There are two recent cases that happened last year that cause pause when reading about them. One was

the case of Goatse Security which went public with proof that AT&T's network had a hole. They mined

“thousands of email addresses of iPad users” on the network (Samson). They went public when AT&T

did not inform its users that their information had been compromised. The security company did the act

to inform AT&T of their flaw which actually stemmed from a poorly designed web app. This act is

known as a white hat style of hacking, even though this particular case involved no hacking, just brute

force gathering when passing an ID (Keizer). Most would argue that it is good that there are people out



1
there looking for security holes without malcontent. Also, many would approve of holding AT&T to a

high code of conduct in informing their customers. Another white hat case is that of Google's security

engineer, Tavis Ormandy. He found a bug in Microsoft's Windows XP and informed them of it. He then

negotiated a timely window for fixing it. After five days he went public stating that Microsoft would

not agree to fixing it within 60 days (McAllister). Some thought he was being unreasonable, while

others thought it was good for the users to know. Issues such as these aren't always easy to judge, a lot

of times you need to know motive and enough facts to gain perspective. For this case, involving a zero-

day bug, a bug the developer was unaware of, fixes were done on average of 43 days in 2010. That

seems to make his request of 60 days reasonable, but the shortest time was eight days, the longest, 125

days. Without knowing the difficulty, it is impossible to judge whether Ormandy was justified.

       A lot of times white hat hackers are lone wolves, so are some other forms of cyber vigilantes,

especially those tracking hate speech and suspected terrorists. There are also large groups, however.

The main group that will be examined is Anonymous, but first, some other groups should be

mentioned. To start, this group is not vigilante in nature, but more of an activist movement. The 1984

Network Liberty Alliance was about free speech online, and later about open software. Another that

began in 1984 was The Cult of the Dead Cow which coined the term, hacktivism. They were

particularly active in providing access in China to censored online content.

       Anonymous as a group came from an internet meme, a joke that spreads around the internet. It

came from the imaginary persona given to any information by an unknown source. On image boards

such as 4chan this imaginary persona gained a name, Anonymous, and eventually a visual

representation. The idea behind Anonymous was at first just to be funny. It was an embrace on internet

culture, and the effect it has on people when they are themselves anonymous. Eventually free speech

and openness became a primary concern, but the shock factor never faded. To understand Anonymous

it is necessary to try and understand where its effect on people comes from.

2
       In psychology there is a concept called internet disinhibition effect.
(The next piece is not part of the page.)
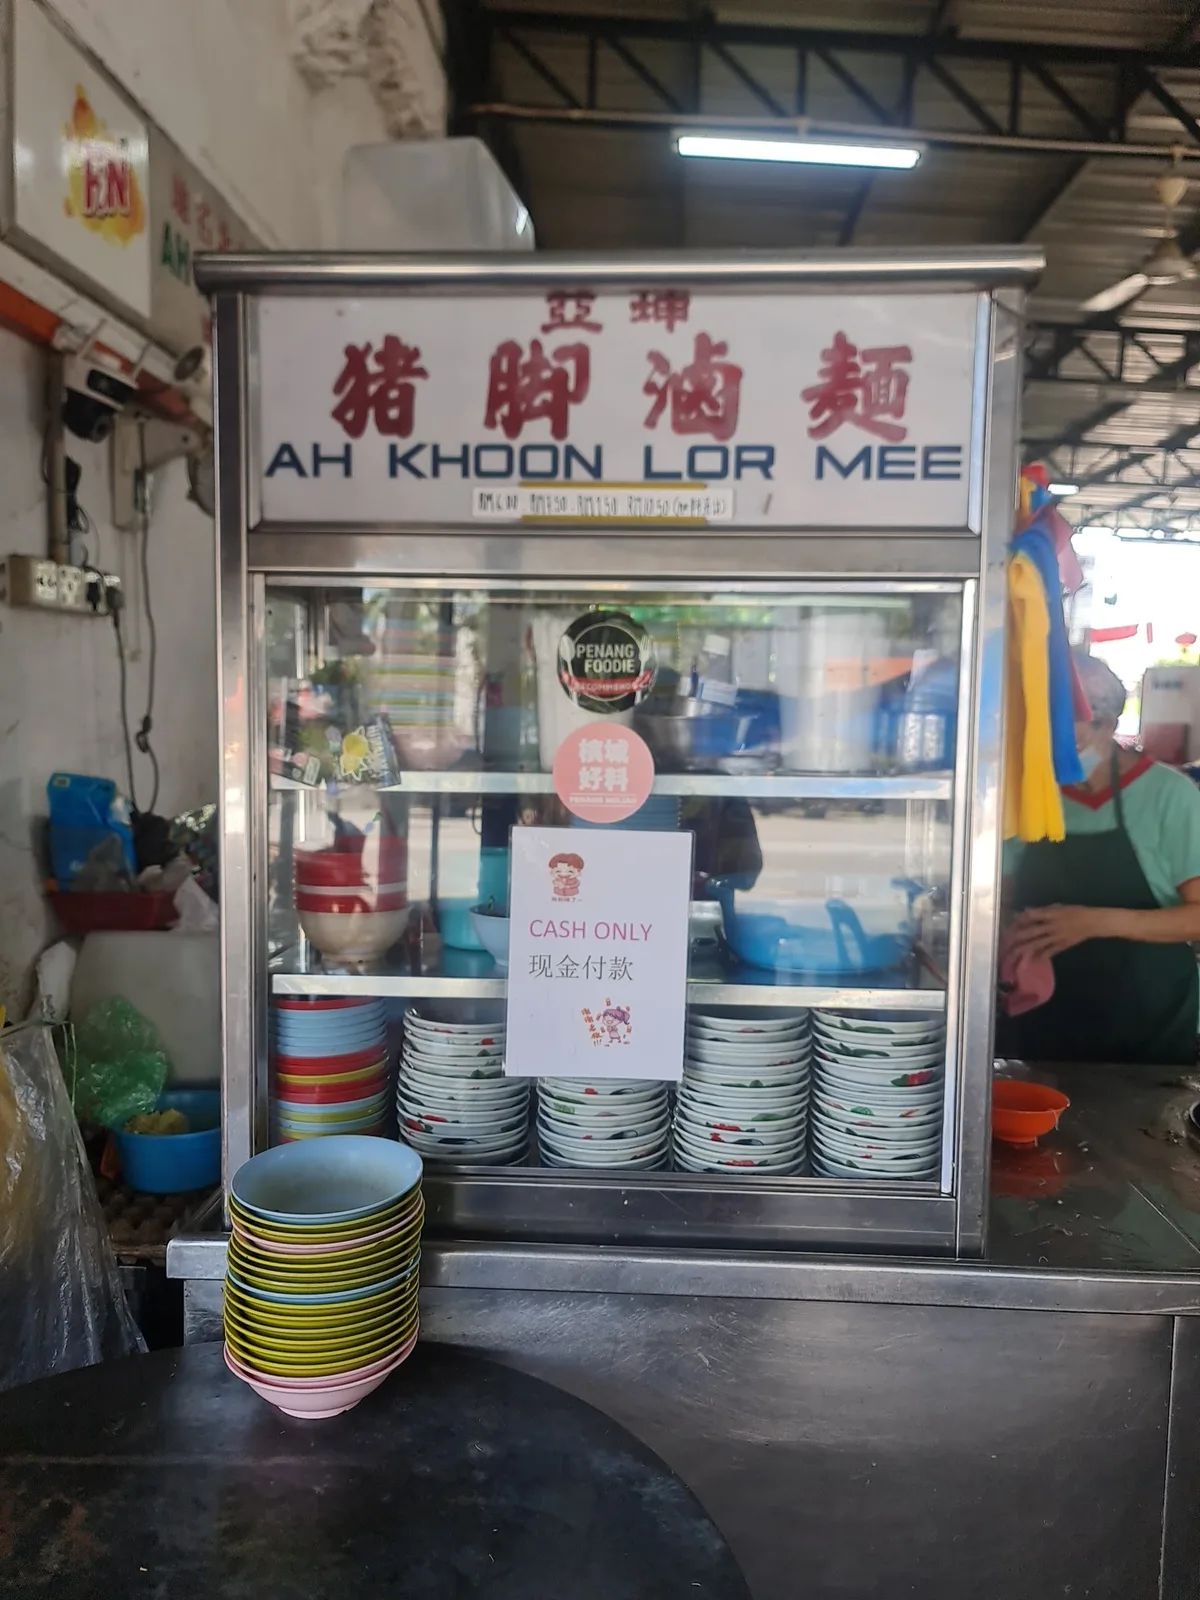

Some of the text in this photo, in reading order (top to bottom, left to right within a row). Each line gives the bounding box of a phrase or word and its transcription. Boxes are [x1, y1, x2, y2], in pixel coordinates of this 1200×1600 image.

It covers several factors as

to what may cause a person to act different when becoming anonymous online. The first is the obvious

dissociative effect of anonymity itself. Being unknown is liberating, allowing the user to act differently

than their normal selves. Another concept is invisibility which hides one's reactions, and the reactions

of others. Not being face to face makes outrageous behavior easier. A third concept is that of

asynchronicity, which covers the time delay that can happen between messages on a message board or

other form of online communication. This allows a person to act out, or vent, then run away. They can

choose to never look back at the fallout, or come back after some time. The point is there is no

immediate consequence, and it is their choice as to whether they even want to deal with it. Another

thing that helps the user disassociate is fantasy, imagining what they do online is just a game and has no

real world repercussions. Perhaps the most telling about Anonymous is the concept of minimizing

authority. This is a condition where users feel completely equal online and real world status has no

bearing.

       With Anonymous being a collective group, crowd psychology also comes into play. Two

theories as to its cause are contagion and convergence. Contagion describes that the group causes

others to act a certain way. Peer pressure and excitement get people caught up in the group.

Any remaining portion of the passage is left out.